Another change to protective order statute this session – and one that we have reservations about – enables judges to grant petitioners of family abuse protective orders (and where appropriate, any household member of the petitioner) exclusive use and possession of a cellular device. While this new law certainly comes from a place of good intentions – ensuring that survivors of violence don’t lose access to their cellular device, including important data stored on that device – it also has the unintended consequence of allowing the respondent of a protective order access to everything that comes along with maintaining that cellular device: plan information including incoming and outgoing calls/texts, GPS, etc. In this increasingly digital age, it’s not uncommon for us to see a survivor be harassed, manipulated, and stalked through electronic means. Given this, the final bill also includes a brief caveat stating that “the court may enjoin the respondent from using a cellular telephone or other electronic device to locate the petitioner”. We are confident that survivors who are working with advocates in the process of petitioning for a family abuse protective order will be informed about these concerns and will be able to work with their advocate to determine what is best for them/their safety as part of a larger safety planning process.

Another interesting bill (HB1212), carried by Delegate Cline, changes Virginia code to allow a minor to designate a “next friend” in court pleadings and motions. This bill allows a “next friend” – which can be a parent, legal guardian, or individual designated to serve as the authorized representative of an individual who has been determined to lack capacity to consent or authorize the disclosure of information – to sign pleadings, motions, or other papers required by the court. Previously under Virginia law, a minor who was unable to afford an attorney could not sign court pleadings on behalf of themselves and a parent of a minor who was unable to afford an attorney could not sign court pleadings on behalf of their children. This was obviously a barrier to minors – and particularly those from low-income families – pursuing and accessing protective orders (or similar pleadings and motions) within the court system.

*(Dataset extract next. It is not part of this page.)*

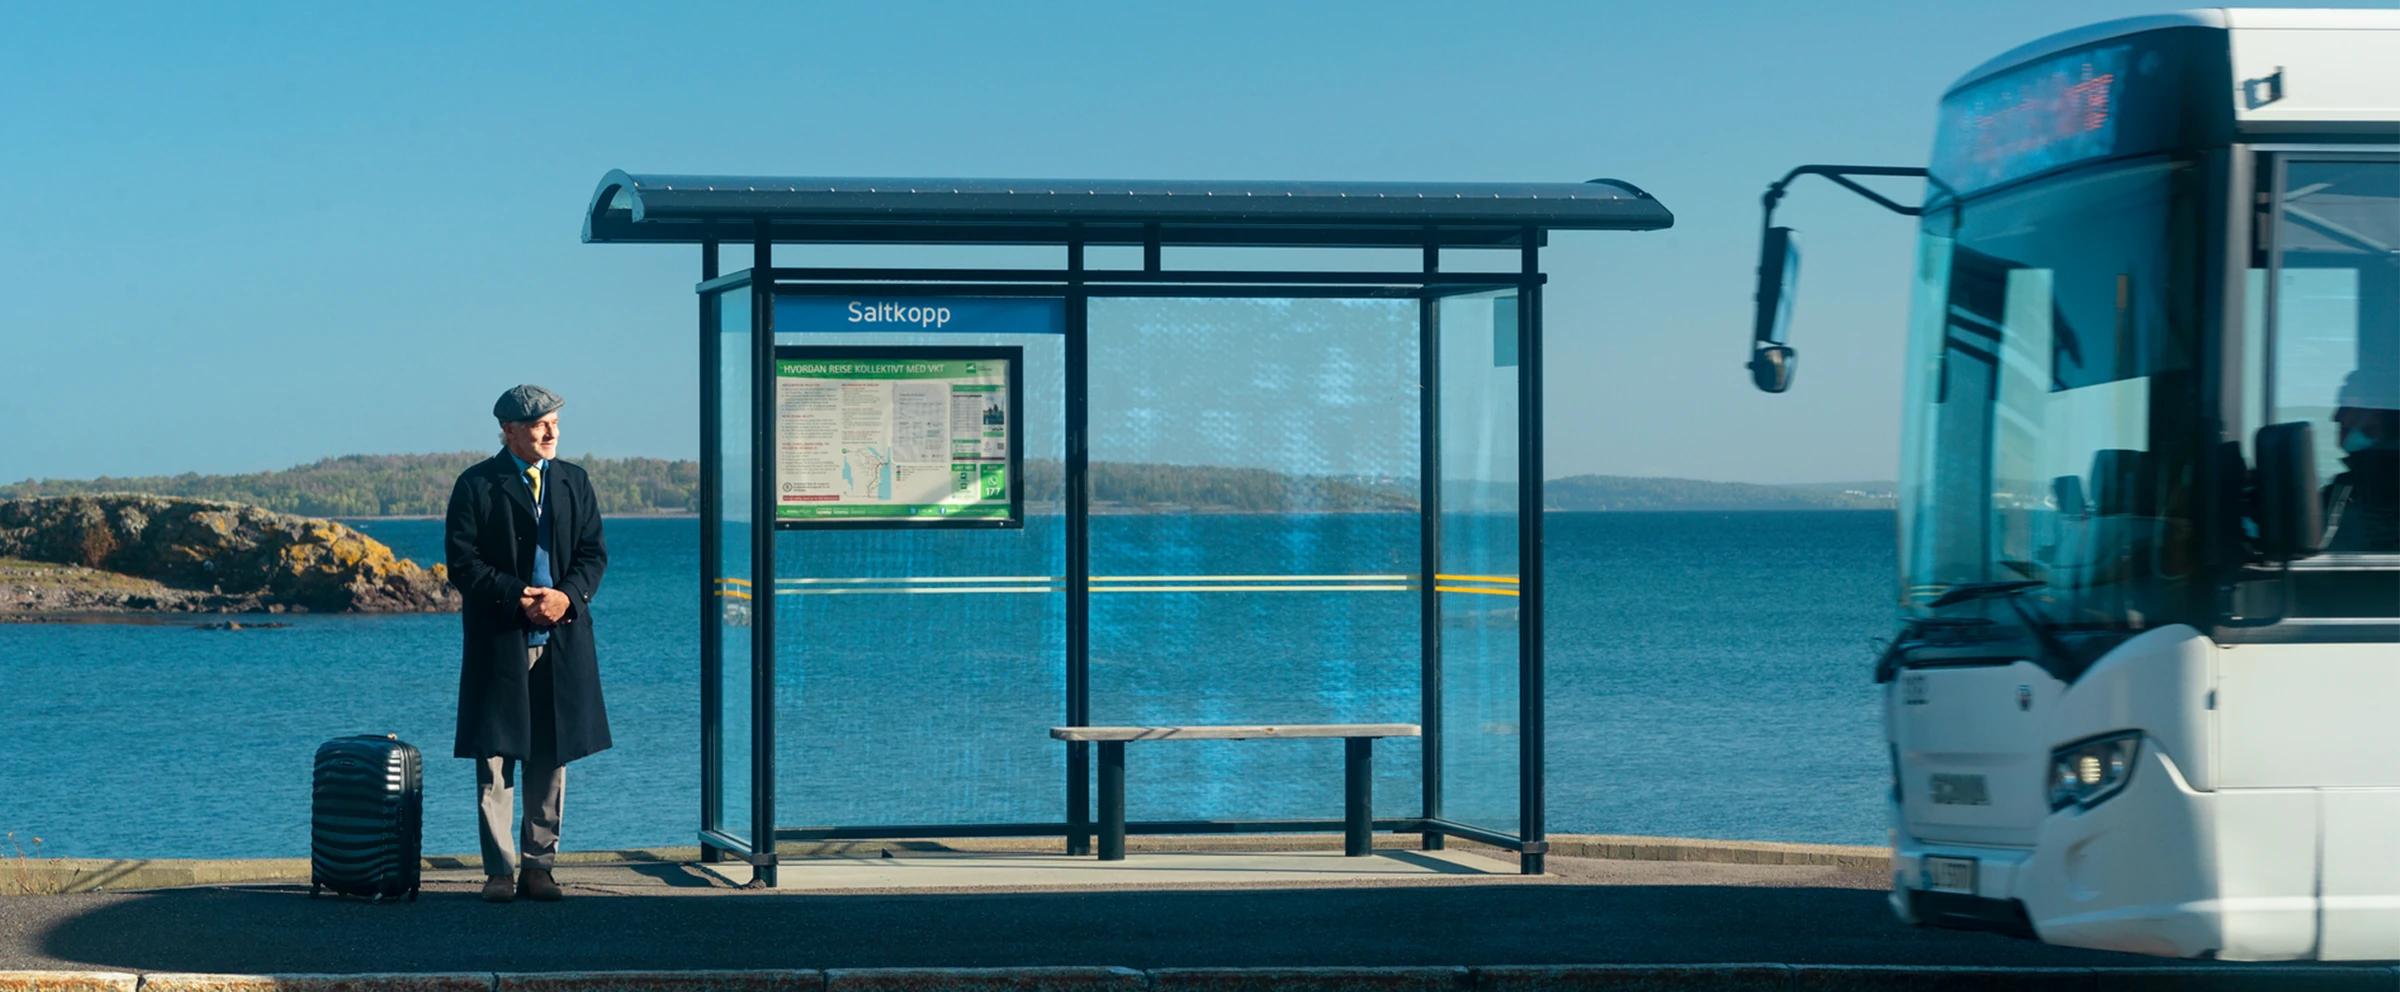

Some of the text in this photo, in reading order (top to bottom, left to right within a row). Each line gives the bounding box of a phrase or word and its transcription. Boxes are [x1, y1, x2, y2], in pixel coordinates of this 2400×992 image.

This small change in the code should make it easier for both parents of minors without an attorney AND minors without an attorney to file for protection orders in Virginia.

Looking forward

As we prepare for lawmakers to reconvene in Richmond, finalize our state budget, and decide on whether or not to expand Medicaid in Virginia, the Action Alliance Policy Team will be working with our members, partners, and lobbyists to amplify the voice of survivors in the ongoing work of this special session and the roll-out of new legislation in 2018. With the intersections of domestic and sexual violence, poverty, and access to healthcare being such prominent issues with which our movement grapples, we anticipate program and survivor voices being important ones for our legislators to hear from. Be on the lookout (via Facebook, Twitter, email, etc.) for action alerts and calls for support from our Policy Team in the upcoming weeks! Please also be on the lookout for a full end-of-session report made available to membership by mid-April.

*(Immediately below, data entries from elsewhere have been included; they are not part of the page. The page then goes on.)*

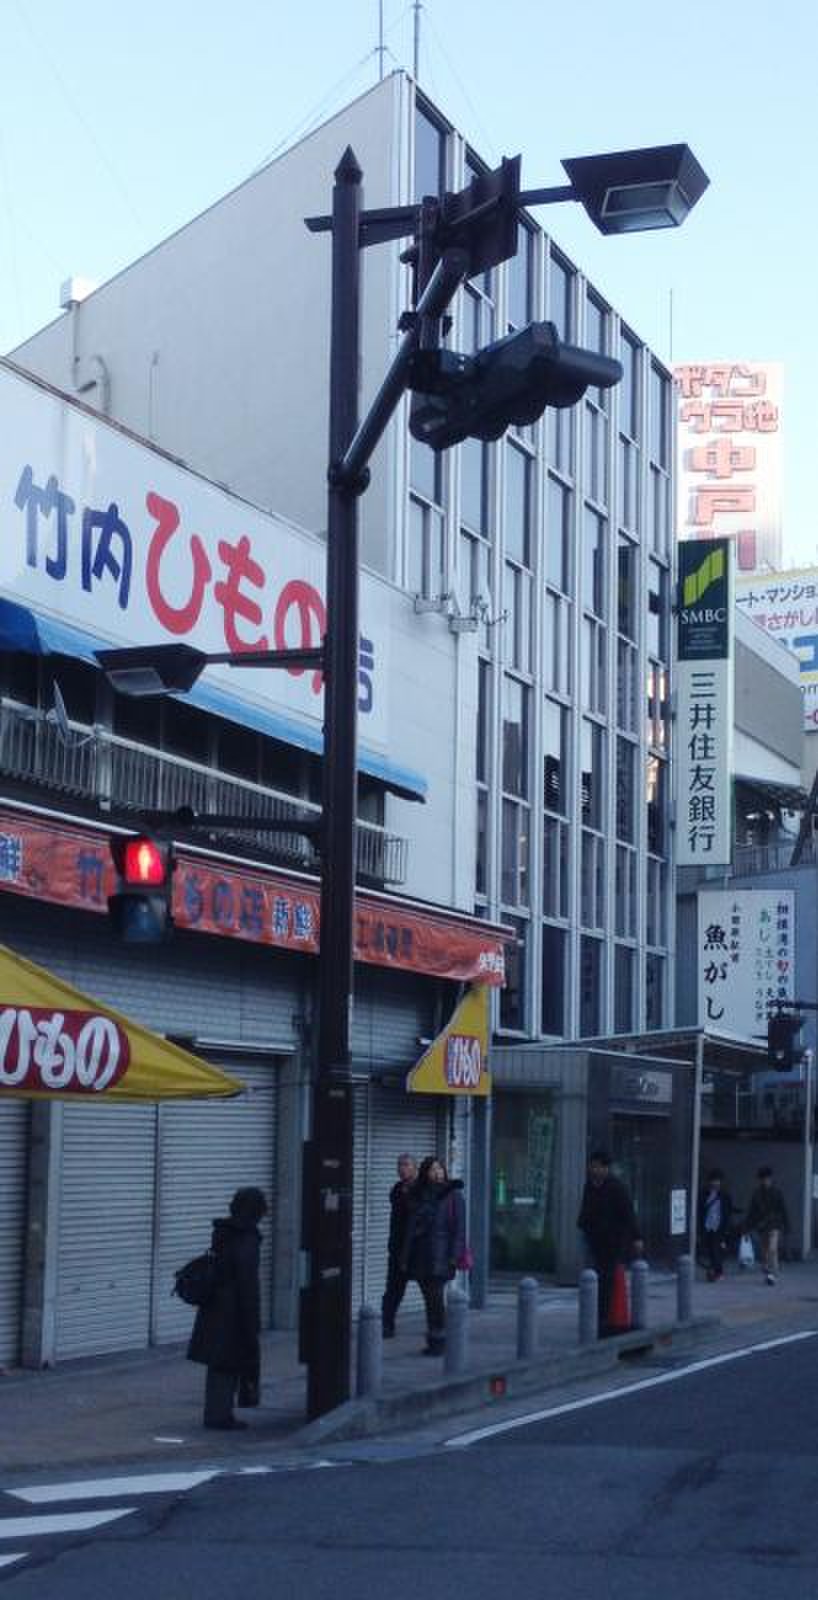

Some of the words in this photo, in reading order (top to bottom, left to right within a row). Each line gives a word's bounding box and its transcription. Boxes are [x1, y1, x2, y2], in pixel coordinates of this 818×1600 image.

[675, 364, 767, 398] ボタン
[680, 400, 778, 432] ウラ地
[680, 608, 726, 625] SMBC
[688, 672, 717, 854] 三井住友銀行
[703, 924, 729, 1020] 魚がし
[0, 1008, 121, 1091] ひもの
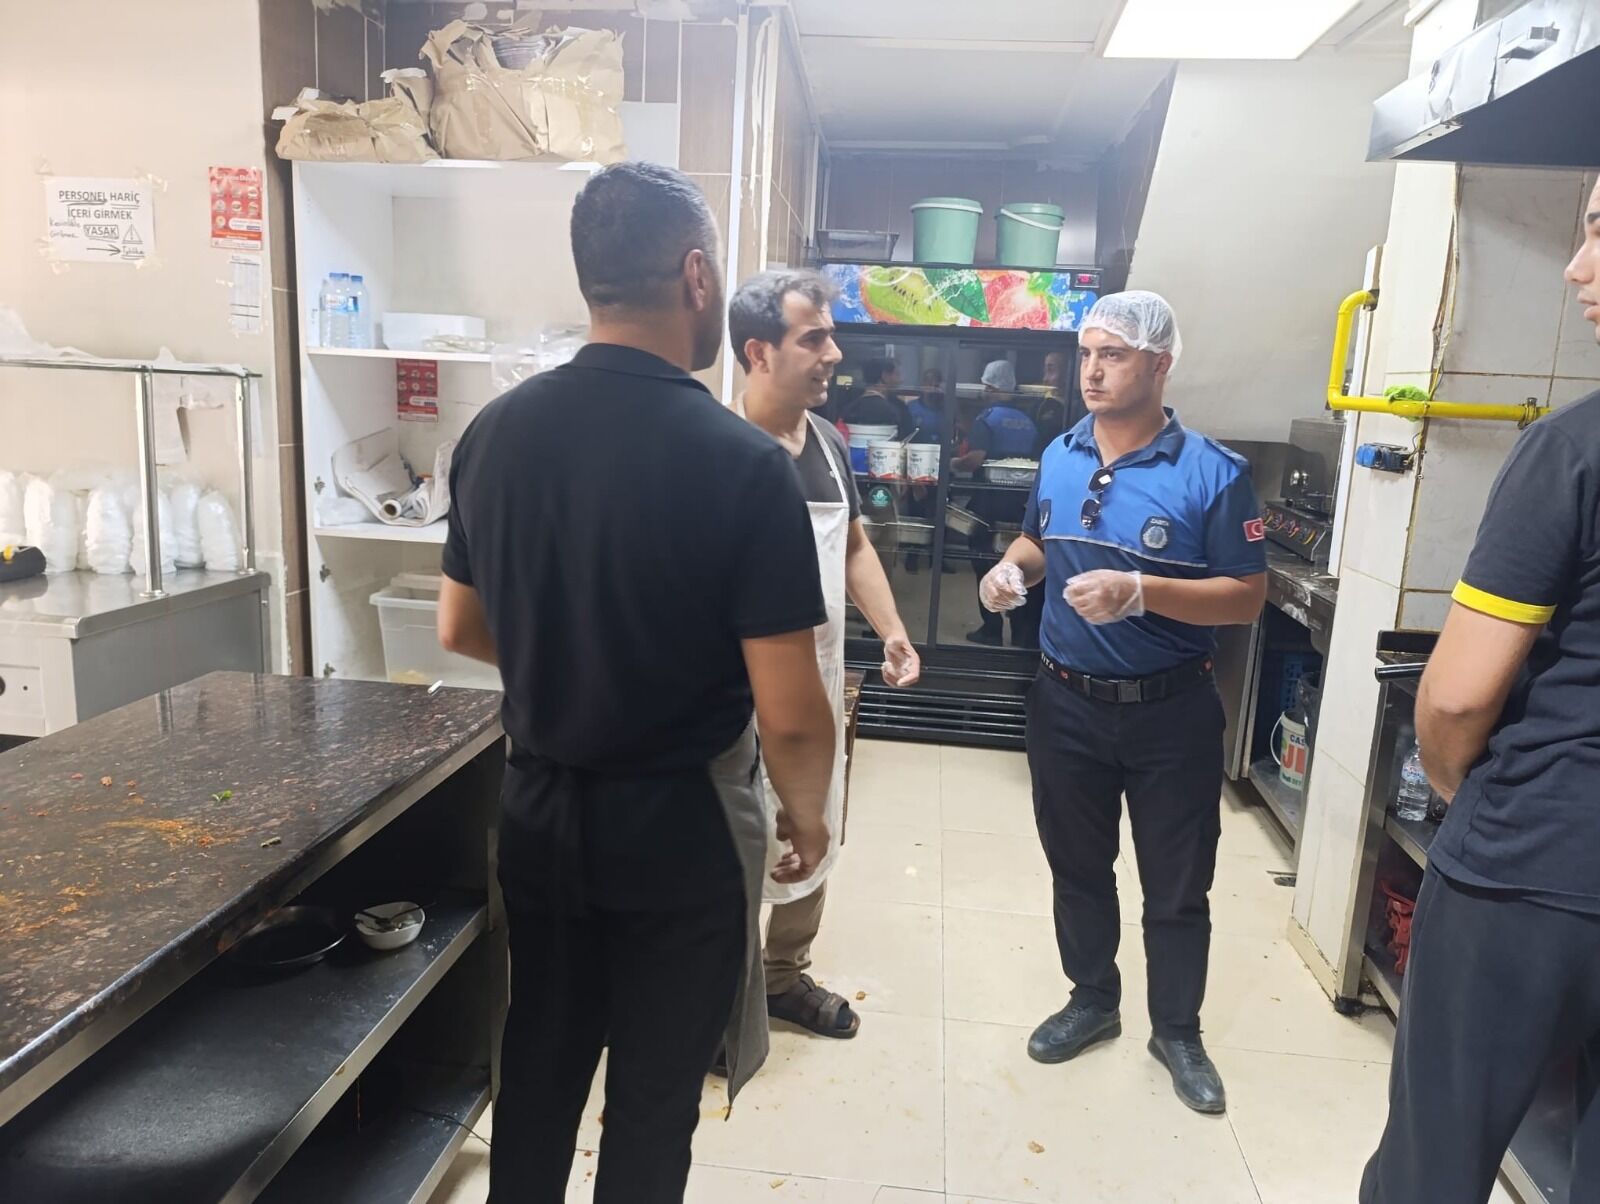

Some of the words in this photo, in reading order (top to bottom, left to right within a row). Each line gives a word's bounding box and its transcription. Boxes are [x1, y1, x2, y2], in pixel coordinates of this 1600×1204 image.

[59, 190, 107, 201] PERSONEL
[110, 191, 140, 203] HARİÇ
[67, 206, 91, 219] İÇERİ
[94, 208, 133, 220] GİRMEK
[85, 226, 117, 236] YASAK

Jonathan Yglesias is the Policy Director at the Virginia Sexual & Domestic Violence Action Alliance where he works with a team of advocates, movement minds, attorneys, and passionate policy nerds to coordinate the Action Alliance’s public policy efforts on behalf of survivors, sexual and domestic violence agencies, and communities in Virginia seeking to improve the prevention of and response to sexual and domestic violence. Since 2007, Jonathan has worked in the anti-violence and public health fields in various capacities – coordinating primary prevention projects for a state coalition, managing Rape Prevention & Education funds for a state health department, supporting prevention and outreach projects on a college campus, and consulting with national resource centers on violence prevention and anti-oppression work. Jonathan is a sociologist by training and an outspoken advocate for Southern social justice work, LGBTQ youth empowerment initiatives, the movement for black lives, and any space in which people are re-envisioning a world free from violence and oppression. Jonathan is also a pop-culture + pizza + animal lover living in Richmond, Virginia with his partner, their 2 dogs, and a one-eyed cat.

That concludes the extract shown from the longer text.